ABOUT THIS EXERCISE: Print each record that follows exactly, leaving the pictures behind.

Saved entries:
+===+

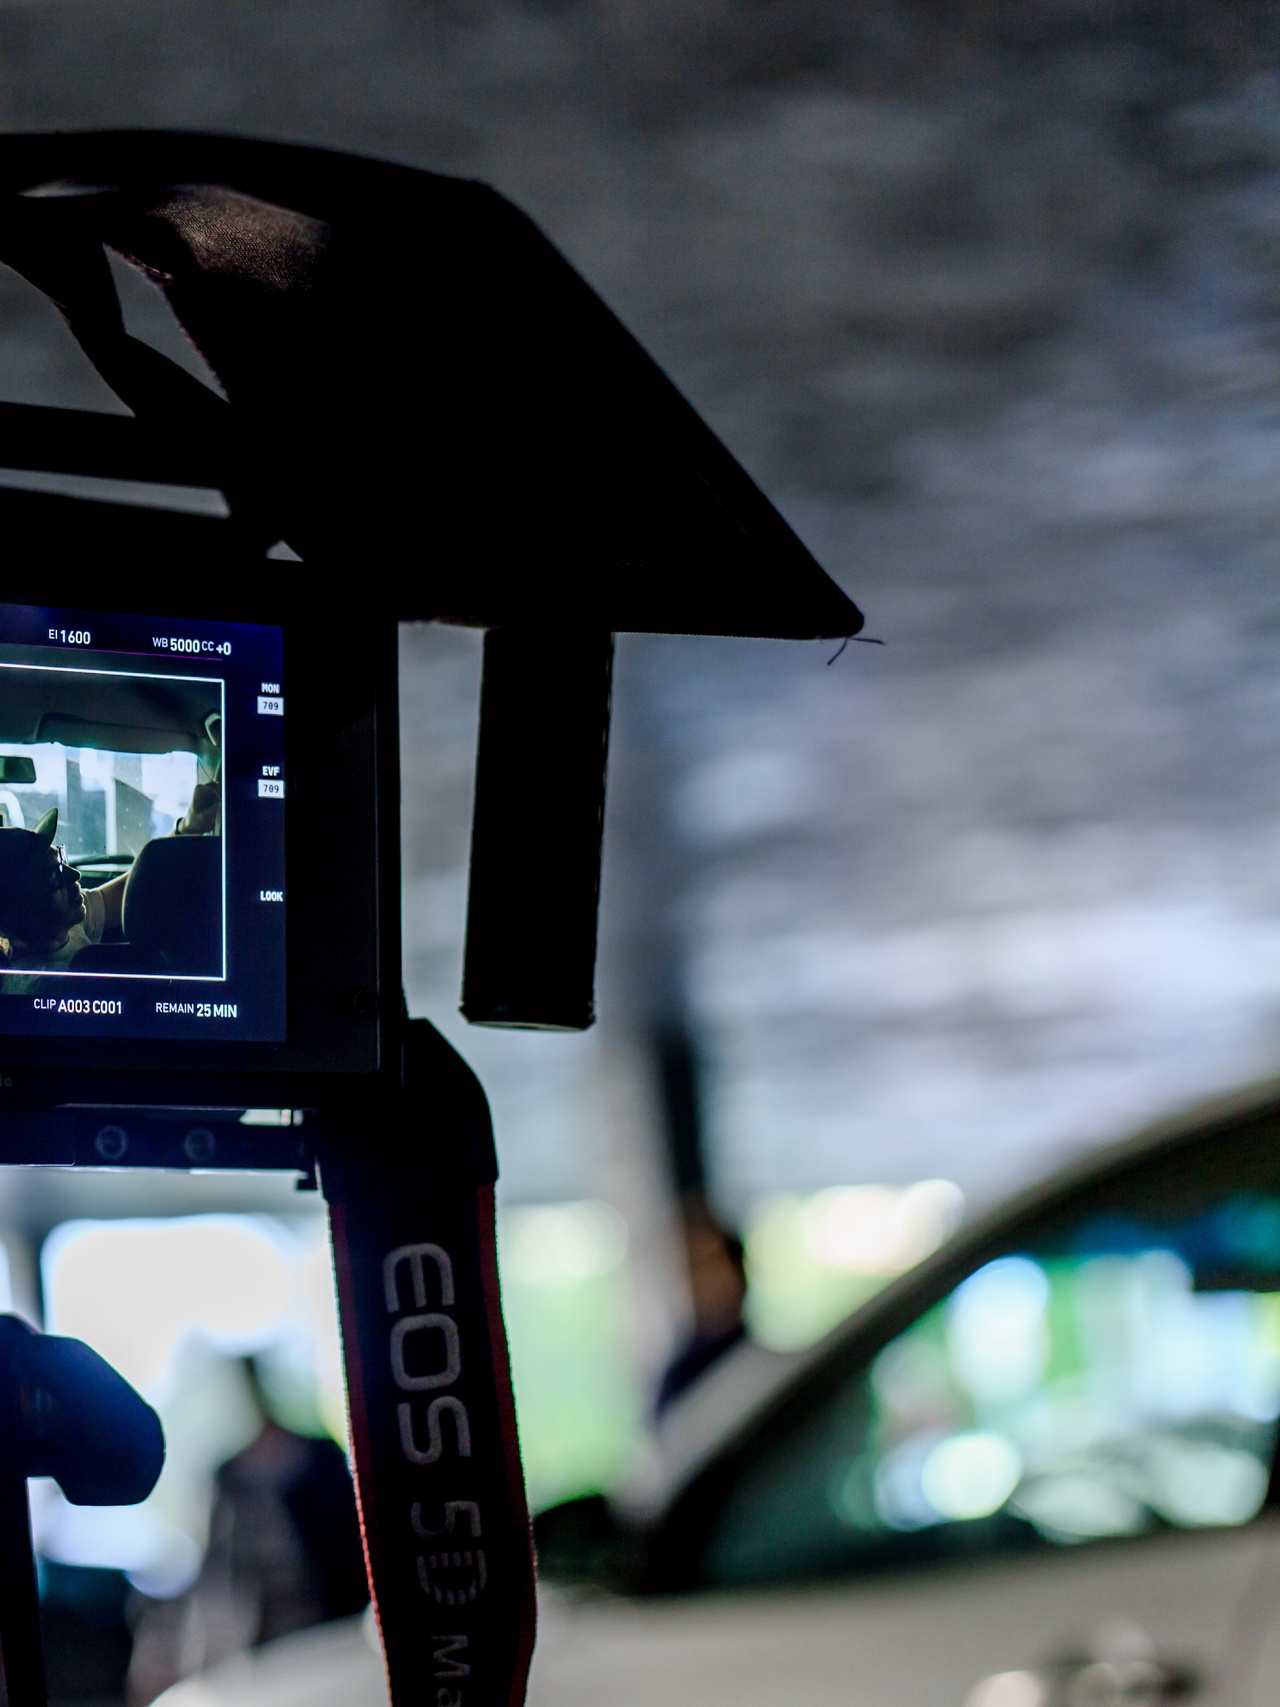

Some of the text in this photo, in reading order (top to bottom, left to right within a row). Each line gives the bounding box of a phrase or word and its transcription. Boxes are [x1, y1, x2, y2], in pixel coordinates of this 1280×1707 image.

[48, 629, 91, 645] EI 1600
[152, 637, 232, 656] WB 5000 CC +0
[261, 682, 280, 694] MON
[262, 701, 279, 711] 709
[262, 765, 280, 777] EVF
[263, 784, 280, 794] 709
[260, 890, 284, 902] LOOK
[33, 998, 122, 1014] CLIP A003 C001
[155, 1002, 238, 1018] REMAIN 25 MIN
[382, 1242, 472, 1466] EOS
[410, 1501, 488, 1605] 5D
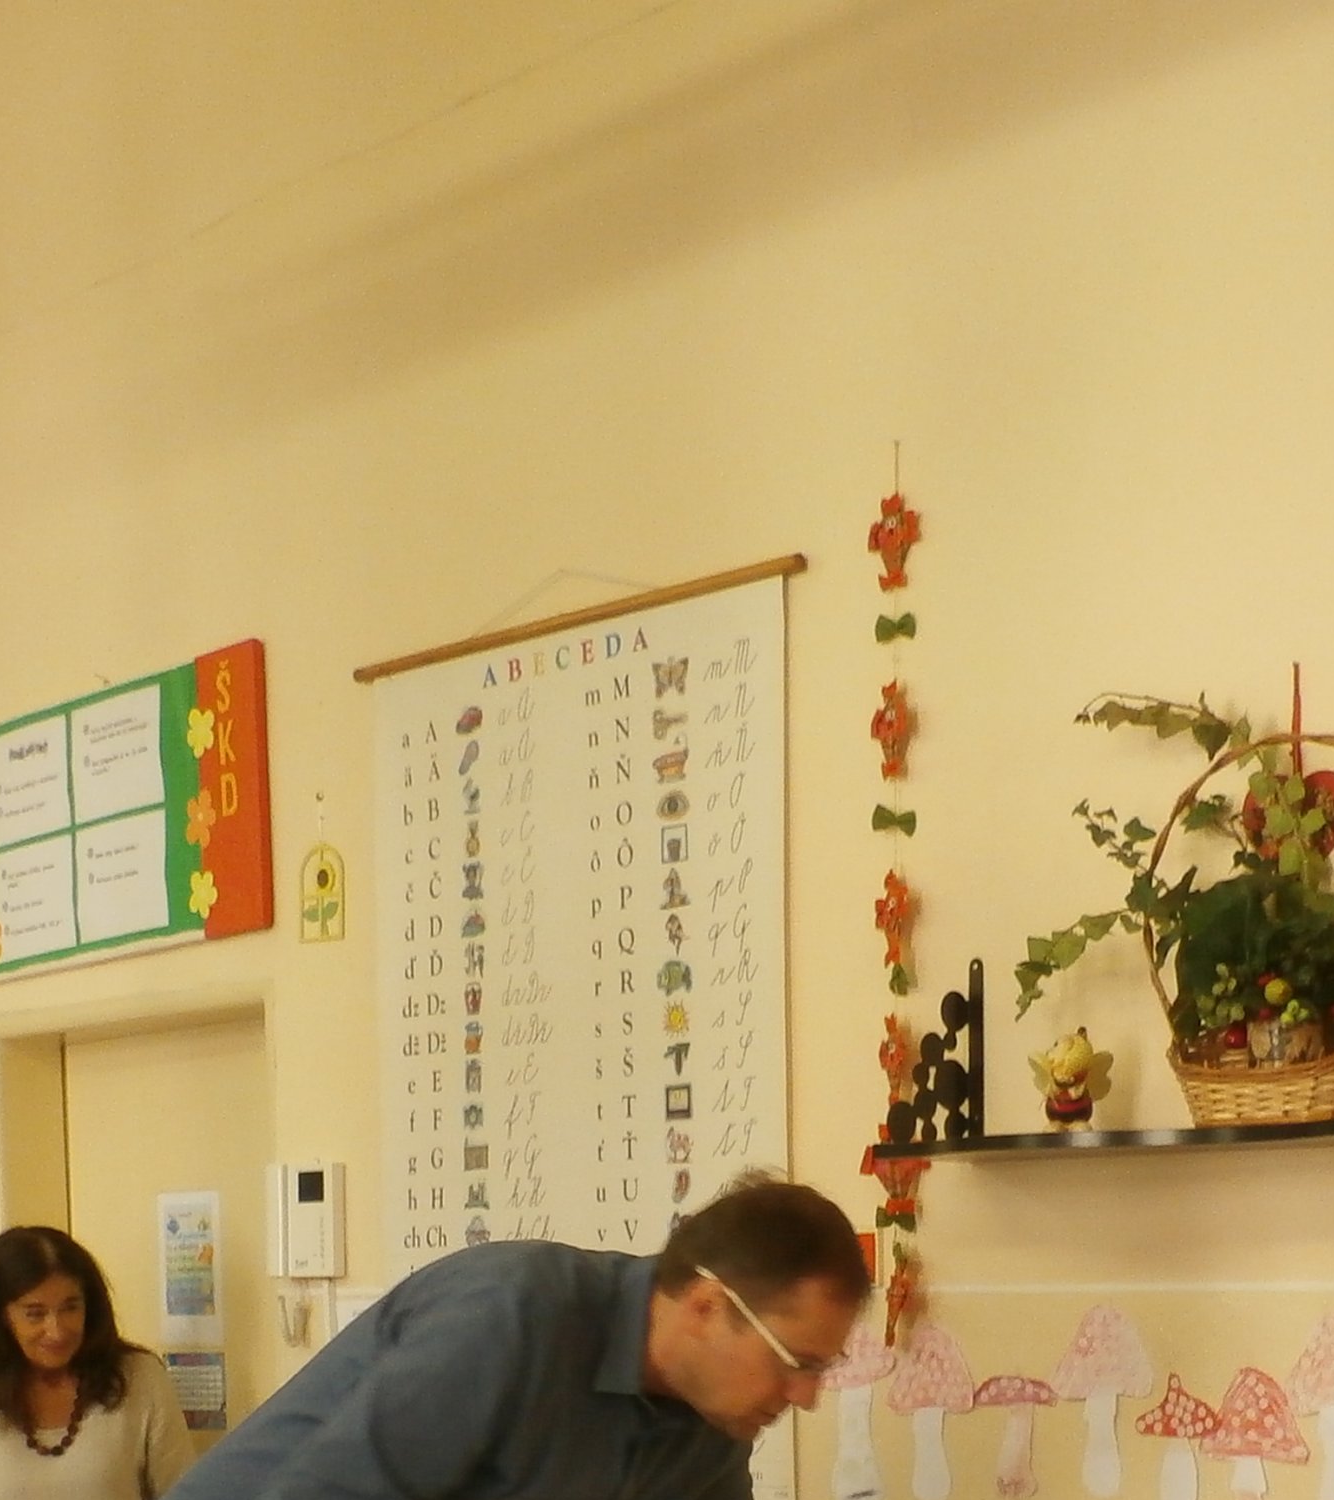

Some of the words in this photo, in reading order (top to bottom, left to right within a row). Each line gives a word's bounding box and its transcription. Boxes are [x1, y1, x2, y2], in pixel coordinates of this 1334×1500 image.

[613, 674, 631, 701] M
[615, 716, 630, 743] N
[428, 798, 439, 821] B
[430, 915, 442, 938] D
[620, 969, 635, 994] R
[431, 1187, 444, 1210] H
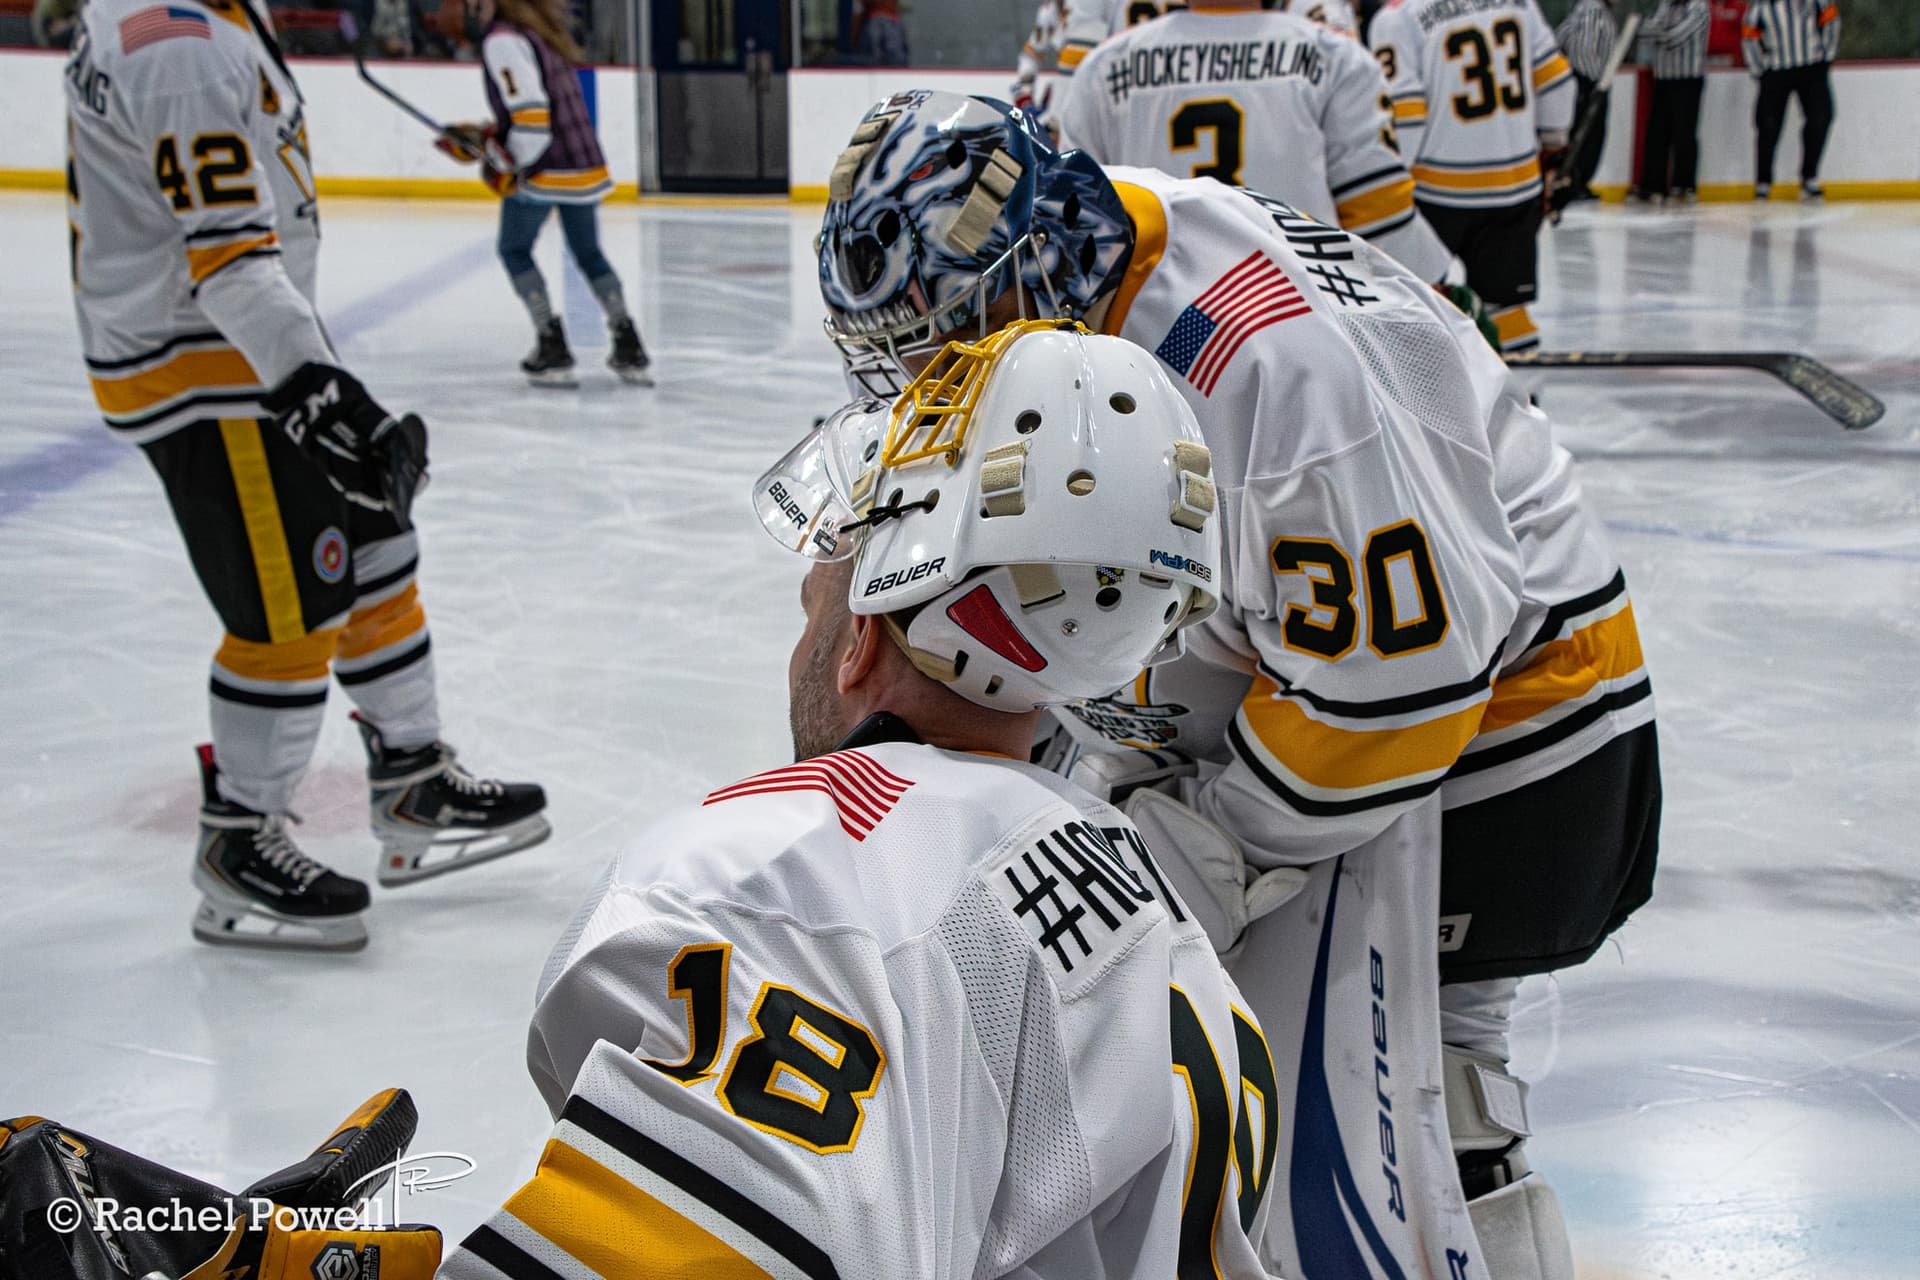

+===+

EXERCISE OUTPUT:
Some of the text in this photo, in reading order (top to bottom, left to right within a row). Each line gives the bounding box of a phrase or word and its transcription. Boxes are [x1, y1, x2, y2], in pixel coordinates of this 1280×1707 image.

[48, 629, 91, 645] EI 1600
[152, 637, 232, 656] WB 5000 CC +0
[261, 682, 280, 694] MON
[262, 701, 279, 711] 709
[262, 765, 280, 777] EVF
[263, 784, 280, 794] 709
[260, 890, 284, 902] LOOK
[33, 998, 122, 1014] CLIP A003 C001
[155, 1002, 238, 1018] REMAIN 25 MIN
[382, 1242, 472, 1466] EOS
[410, 1501, 488, 1605] 5D

Some of the words in this photo, in reading order (top to bottom, left to right within a row). Each line gives a word's bounding box and its transcription. Boxes are [x1, y1, x2, y2], in pixel coordinates of this 1334×1500 image.

[613, 674, 631, 701] M
[615, 716, 630, 743] N
[428, 798, 439, 821] B
[430, 915, 442, 938] D
[620, 969, 635, 994] R
[431, 1187, 444, 1210] H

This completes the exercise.